The output from this command looks something like this:

commit_id:b5a416ac344160512f95751ae16e6612aefd4a57
date:1369119386
author:Akihiro MOTOKI
author_email:motoki@da.jp.nec.com
author_email:motoki@da.jp.nec.com
subject:Remove class-based import in the code repo
message:Fixes bug 1167901
This commit also removes backslashes for line break.
Change-Id: Id26fdfd2af4862652d7270aec132d40662efeb96
diff_stat:
21 files changed, 340 insertions(+), 408 deletions(-)

This commit changes 21 file and 340 + 408 = 748 LOC (Line Of Code). I.e. LOC is a sum of insertions and deletions.

Company affiliation for each commit author is determined according to the following rules:

First Stackalytics checks the domain of author email. If the domain is in Stackalytics persistent storage, then affiliation for the commit is determined based on the email address.
If the email domain doesn't provide enough information, Stackalytics retrieves the author profile from LanchPad using the email address. If LanchPad does not identify the author, then the commit is affiliated with *independent, unless the next step provides enough information to determine the author's affiliation.
Next the LanchPad ID is used as a primary key for further author identification. Stackalytics stores profiles for known contributors in its persistent storage. This profile has a historical list of contributor affiliations. For example:

      {
           "launchpad_id": "boris-42",
           "companies": [
               {
                   "company_name": "*independent",
                   "end_date": "2013-Apr-10"
               },
               {
                   "company_name": "Mirantis",
                   "end_date": null
               }
           ],
           "user_name": "Boris Pavlovic",
           "emails": [
               "boris@pavlovic.me"
           ]
       },

As shown above, Stackalytics has a company_name and an end_date. This information is enough to determine the affiliation on any given commit based on its date, so that an individual who has worked for more than one company can have his or her commits properly attributed.

Finally if all checks above fail, then commit is affiliated with *independent.

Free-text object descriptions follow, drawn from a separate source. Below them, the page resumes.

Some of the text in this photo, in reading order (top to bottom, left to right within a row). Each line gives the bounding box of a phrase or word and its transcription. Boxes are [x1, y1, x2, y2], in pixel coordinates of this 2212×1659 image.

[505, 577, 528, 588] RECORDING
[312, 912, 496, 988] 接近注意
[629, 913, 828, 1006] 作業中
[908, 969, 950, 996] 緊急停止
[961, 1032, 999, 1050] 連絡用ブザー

Commits metrics corrections and common sense approach

Recent history of contribution to OpenStack shows that LOC metric is not reliable due to commits that were not representative - like code auto-generation or automatic code refactoring. The most well known examples are:

Rename Quantum to Neutron Change-Id: Ib86e068aa8e4f48993809b6b25444407b7c1f17e
Updated translations from Transifex Change-Id: I4810c45d15413bdf21b9f68f59096c907bb1e624

Stackalytics provides a framework for community driven correction process. There is a JSON file corrections.json in Stackalytics Stackforge repo that contains records like the following:

{
   "corrections": [
       {
           "commit_id": "ee3fe4e836ca1c81e50a8324a9b5f982de4fa97f",
           "correction_comment": "Reset LOC to 0",
           "lines_added": 0,
           "lines_deleted": 0
       }
   ]
}

Structure of records is self-descriptive. Any OpenStack contributor is able to file a bug and provide a patchset for this file in order to apply particular correction. This patchset goes through standard review process and immediately applies to Stackalytics data as soon as merges into upstream. This process is driven by community and should not be used for improper statistics manipulation. Corrected commits are marked with comments in RED in web dashboard and fully transparent for further challenges.

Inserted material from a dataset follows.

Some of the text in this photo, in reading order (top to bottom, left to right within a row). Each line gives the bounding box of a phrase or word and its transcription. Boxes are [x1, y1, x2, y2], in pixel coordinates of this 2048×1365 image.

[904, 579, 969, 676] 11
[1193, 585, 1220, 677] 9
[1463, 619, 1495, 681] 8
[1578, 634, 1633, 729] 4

This framework was designed in order to make statistical data more reliable and representative. The following common sense approach is suppose to be used:

Commits that contains auto-generated files should be adjusted in order to represent amount of efforts for generator, but not for produced output.
Commits that contains result of automatic code refactoring should be adjusted accordingly.
Commits that are a result of improper files rename (shell rename instead of git rename) should be zeroed.
Commits with binary and 3rd party files should adjusted accordingly.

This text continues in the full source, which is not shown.